Converting constructor. Constructs a variant holding the alternative type T_j that would be selected by overload resolution for the expression F(std::forward<T>(t)) if there was an overload of imaginary function F(T_i) for every T_i from Types... in scope at the same time, except that:

  • An overload F(T_i) is only considered if the declaration T_i x[] = { std::forward<T>(t) }; is valid for some invented variable x;
  • If T_i is (possibly cv-qualified) bool, F(T_i) is only considered if std:remove_cvref_t<T> is also bool.

I am especially interested in the second bullet point regarding the bool. In the example it says, that:

std::variant<std::string, bool> y("abc"); // OK, chooses string; bool is not a candidate

I have now tested the same code with clang 7.0.0 (godbolt), gcc.8.2 (godbolt) and VS2017. And I am wondering why the contained alternative type is bool (for all the three compilers) and not std::string as described by cppreference. Is this a bug in the standard-libraries of all the three compilers?
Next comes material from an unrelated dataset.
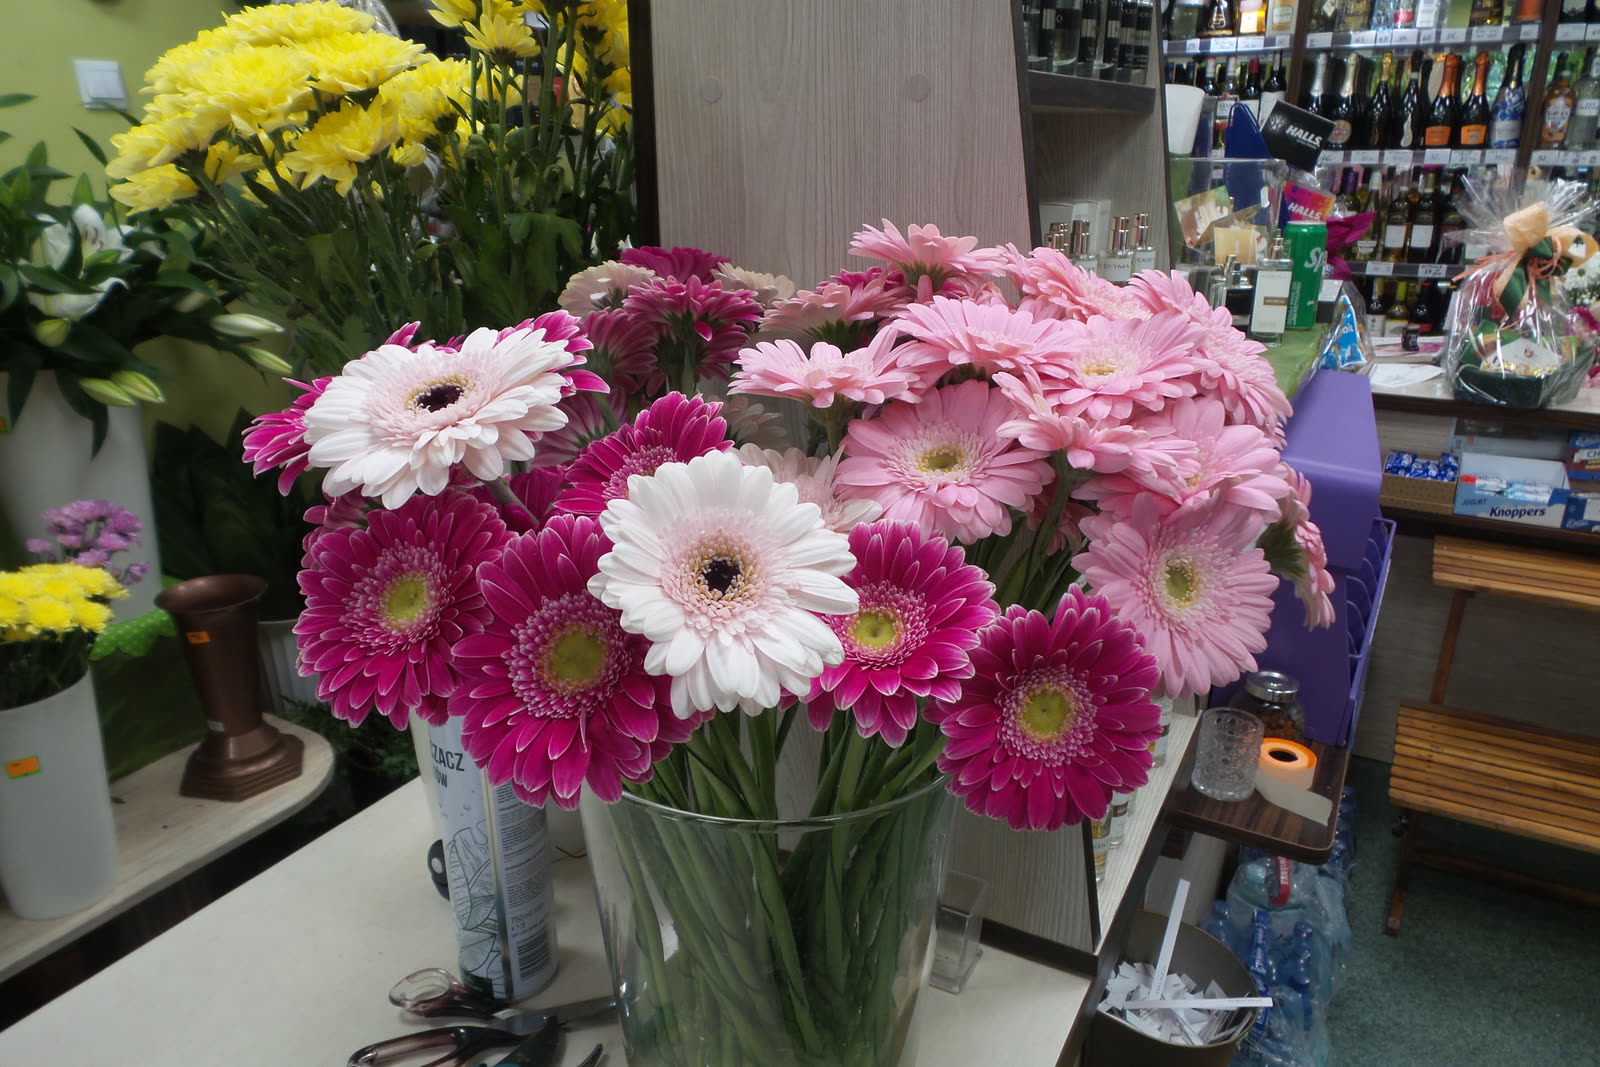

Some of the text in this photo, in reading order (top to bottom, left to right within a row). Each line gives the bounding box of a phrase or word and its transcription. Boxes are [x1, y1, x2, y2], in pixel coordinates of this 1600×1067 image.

I also found following document: P0608R3. Does it mean, that the modifications (the two bullet points) that cppreference lists are only proposed but not part of the official standard yet?

 


P0608R3 was adopted in San Diego. Its wording was applied to the working draft - you can see the new wording in [variant.ctor]/12.

As a part of that change, the motivating example:

variant<string, bool> x = "abc"; 

Does now hold a string (in c++20), whereas it used to hold a bool (in c++17). The meaning of this example changes between standard versions.

It's just that none of the standard libraries have implemented this change yet. It's very recent. It's listed as incomplete in both the libstdc++ and libc++ pages. But as you can see, there's tons of C++20 features that haven't been implemented yet either. The good news is, it's still early 2019 and there's plenty of time.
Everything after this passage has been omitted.